歴史や現実を鋭く見抜く眼力を養うためのブログ。読書をすすめ、時にまったくローカルな話題も入る摩訶不思議なブログ。

歴史を、勝手な「記憶」にされてたまるか!

2022-04-17 20:27:51 | 学問

 『世界』臨時増刊号を読んでいる。そのなかの、橋本伸也氏の「「紛争化させられる過去」再論」を読んだ。

 現役を退いた私は、当然の年金生活。昔のように高い本でもどんどん買い込むということはしなくなった。どうしても必要なものしか買わないと心に決めている。購入して読んでいない本もたくさんあり、これ以上増やしたくないという思いもある。

 だから関心を持っても読んで来なかった本がある。橋本氏らの「記憶」に関わる論考の数々である。

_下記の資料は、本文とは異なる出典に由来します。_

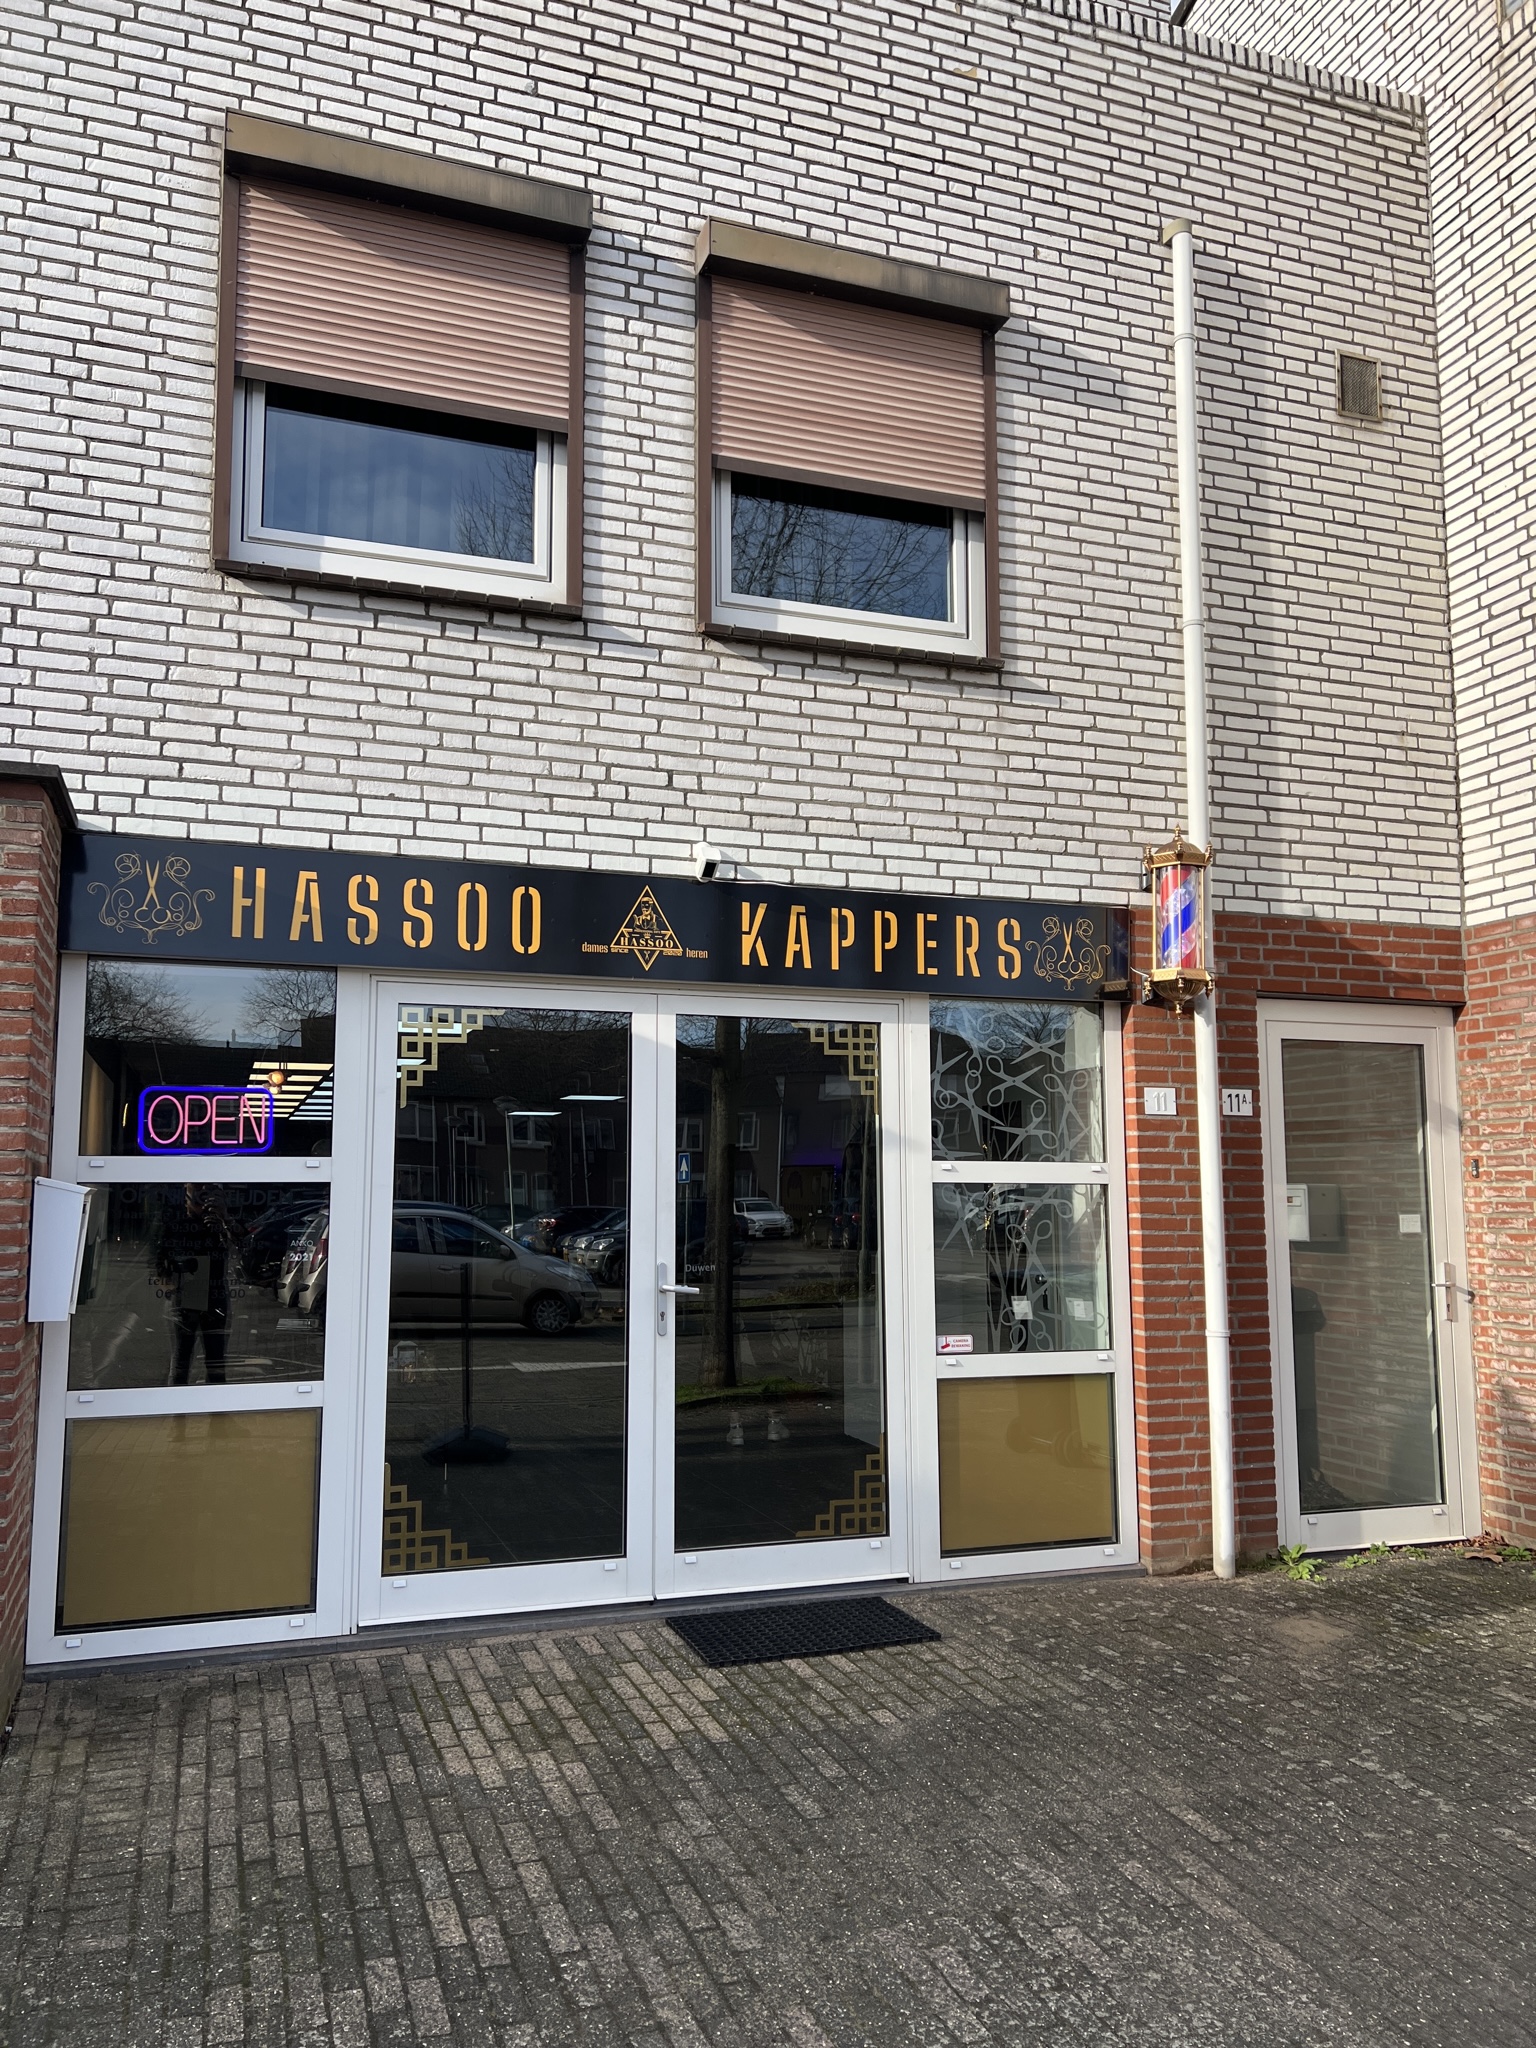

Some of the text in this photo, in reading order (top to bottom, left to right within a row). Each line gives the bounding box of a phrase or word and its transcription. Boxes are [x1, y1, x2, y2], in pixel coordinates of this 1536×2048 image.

[231, 865, 1023, 980] HASSOO KAPPERS
[581, 942, 609, 954] dames
[620, 936, 674, 949] HASSOO
[685, 948, 708, 959] heren
[1152, 1092, 1168, 1112] 11
[1227, 1093, 1248, 1113] 11A
[147, 1094, 266, 1145] OPEN
[290, 1239, 314, 1247] ANKO
[289, 1252, 314, 1262] 2021
[685, 1264, 716, 1274] Duwen

 日本でも歴史修正主義がはびこり、しっかりした歴史研究の方法に則って研究され叙述された過去の歴史(記憶)を、否定したり、あるいは史料等に基づかない荒唐無稽の説を創出して、定説を相対化させるようなことが起こっている。

 また教科書に関しても、歴史研究の成果ではなく、政治・行政の思惑から強権的に「訂正」させるということも行われてきた。その1つに朝鮮人の徴用工について、「強制連行」という言葉の使用が奪われた。私は、在日朝鮮人の歴史について研究もしてきたが、私は「強制的な労務動員」と書いてきた。

 戦時下、日本政府は、日本の労働力不足を補うために朝鮮人を大量に動員してきたが、動員されてきた朝鮮人への聞き取り、あるいは公的な資料によっても、そこには強制の契機がかならず存在した。「強制連行」でもかまわないと思うが、私としては厳密な意味で、「強制的な労務動員」として書いてきた。単なる「労務動員」では間違いであって、そこに「強制」の契機を書き込まないと、戦時下の朝鮮人の労務動員を説明したことにならないからだ。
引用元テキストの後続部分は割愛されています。